Da ieri sta girando questa lettera che un insegnante turco ha inviato al mondo attraverso Facebook. Una lettera che da un lato denuncia gli avvenimenti e i soprusi che hanno portato ai morti e dall’altro testimonia di questo sovrappiù di energia che lì ho visto con i miei occhi.

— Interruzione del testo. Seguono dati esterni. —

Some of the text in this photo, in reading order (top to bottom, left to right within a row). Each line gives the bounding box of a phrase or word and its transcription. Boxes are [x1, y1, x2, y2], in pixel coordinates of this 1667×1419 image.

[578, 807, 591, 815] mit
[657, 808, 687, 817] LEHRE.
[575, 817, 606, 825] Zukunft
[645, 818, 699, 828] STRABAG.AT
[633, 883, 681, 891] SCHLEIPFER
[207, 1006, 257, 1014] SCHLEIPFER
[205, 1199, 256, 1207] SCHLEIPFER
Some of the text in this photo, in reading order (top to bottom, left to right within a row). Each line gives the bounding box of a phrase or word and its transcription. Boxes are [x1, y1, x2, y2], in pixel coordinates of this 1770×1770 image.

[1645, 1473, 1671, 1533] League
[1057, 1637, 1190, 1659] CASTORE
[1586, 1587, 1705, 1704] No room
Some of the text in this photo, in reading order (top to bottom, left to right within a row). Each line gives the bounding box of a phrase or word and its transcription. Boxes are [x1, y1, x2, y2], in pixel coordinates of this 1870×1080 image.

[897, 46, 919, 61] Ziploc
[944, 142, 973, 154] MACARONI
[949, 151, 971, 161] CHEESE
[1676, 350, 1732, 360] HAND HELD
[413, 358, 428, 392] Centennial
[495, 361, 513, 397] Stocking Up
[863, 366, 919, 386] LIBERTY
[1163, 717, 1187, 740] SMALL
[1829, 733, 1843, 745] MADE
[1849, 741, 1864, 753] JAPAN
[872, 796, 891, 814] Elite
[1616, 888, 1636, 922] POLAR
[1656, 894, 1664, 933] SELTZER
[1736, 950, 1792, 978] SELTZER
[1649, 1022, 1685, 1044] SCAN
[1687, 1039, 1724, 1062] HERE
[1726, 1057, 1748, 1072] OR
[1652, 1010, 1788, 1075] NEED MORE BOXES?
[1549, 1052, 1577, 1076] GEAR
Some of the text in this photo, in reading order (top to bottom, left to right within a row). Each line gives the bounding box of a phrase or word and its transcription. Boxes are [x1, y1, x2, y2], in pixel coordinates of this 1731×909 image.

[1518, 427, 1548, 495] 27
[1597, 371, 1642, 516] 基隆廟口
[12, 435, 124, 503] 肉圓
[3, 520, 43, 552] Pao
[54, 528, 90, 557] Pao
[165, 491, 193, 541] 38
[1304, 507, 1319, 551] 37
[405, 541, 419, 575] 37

“Ai miei amici che vivono fuori dalla Turchia: scrivo per farvi sapere cosa sta succedendo a Istanbul da cinque giorni. Personalmente sento di dover scrivere perché la maggior parte della stampa è stata messa sotto silenzio dal governo e il passaparola e internet sono i soli mezzi che ci restano per raccontare e chiedere sostegno. Quattro giorni fa un gruppo di persone non appartenenti a nessuna specifica organizzazione o ideologia si è ritrovato nel parco Gezi di Istanbul. Tra loro c’erano molti miei amici e miei studenti. Il loro obiettivo era semplice: evitare la demolizione del parco per la costruzione di un altro centro commerciale nel centro della città. Ci sono tantissimi centri commerciali a Istanbul, almeno uno in ogni quartiere. Il taglio degli alberi sarebbe dovuto cominciare giovedì mattina. La gente è andata al parco con le coperte, i libri e i bambini. Hanno messo su delle tende e passato la notte sotto gli alberi. La mattina presto quando i bulldozer hanno iniziato a radere al suolo alberi secolari, la gente si è messa di mezzo per fermare l’operazione.
Non hanno fatto altro che restare in piedi di fronte alle macchine. Nessun giornale né emittente televisiva era lì per raccontare la protesta. Un blackout informativo totale. Ma la polizia si è attivata con i cannoni d’acqua e lo spray al peperoncino. Hanno spinto la folla fuori dal parco.
Nel pomeriggio il numero di manifestanti si è moltiplicato. Così anche il numero di poliziotti, mentre il governo locale di Istanbul chiudeva tutte le vie d’accesso a piazza Taksim, dove si trova il parco Gezi. La metro è stata chiusa, i treni cancellati, le strade bloccate. Ma sempre più gente ha raggiunto a piedi il centro della città. Sono arrivati da tutta Istanbul. Sono giunti da diversi background, da diverse ideologie, da diverse religioni. Si sono ritrovati per fermare la demolizione di qualcosa di più grande di un parco: il diritto a vivere dignitosamente come cittadini di questo Paese.
Hanno marciato. La polizia li ha respinti con spray al peperoncino e gas lacrimogeni e ha guidato i tank contro la folla che offriva ai poliziotti cibo. Due giovani sono stati colpiti dai tank e sono stati uccisi. Un’altra giovane donna, una mia amica, è stata colpita alla testa da uno dei candelotti lacrimogeni. La polizia li lanciava in mezzo alla folla. Dopo tre ore di operazione chirurgica, è ancora in terapia intensiva in condizioni critiche. Mentre scrivo, non so ancora se ce la farà. Questo post è per lei.”

Quando ho letto la lettera mi sono tornati alla mente gli occhi dei ragazze e delle ragazze che ho incontrato a Istanbul, quei loro sguardi colmi di senso di giustizia e di una fame di libertà che in Italia non avevo mai conosciuto.

E mi è venuto da pensare che da noi una cosa del genere semplicemente non sarebbe ancora possibile. Da noi quella fame di libertà semplicemente non c’è. O forse sta appena cominciando a nascere. Certo, non siamo la Turchia, la nostra storia e il nostro presente sono diversi. Eppure anche noi abbiamo le nostre schiavitù. Tutti le conosciamo, tutti le sappiamo nominare. Le nostre schiavitù sono più sottili, e perciò anche più subdole. E inoltre hanno avuto abbastanza tempo per spalmarsi da una élite alla gran parte della popolazione. Si chiamano corruzione, mafia, familismo, illiberalità, schiavitù intellettuale, appiattimento culturale, sudditanza al potere amicale della singola famiglia. In queste condizioni è ancora lontano il giorno in cui nei nostri occhi brillerà la fame di libertà.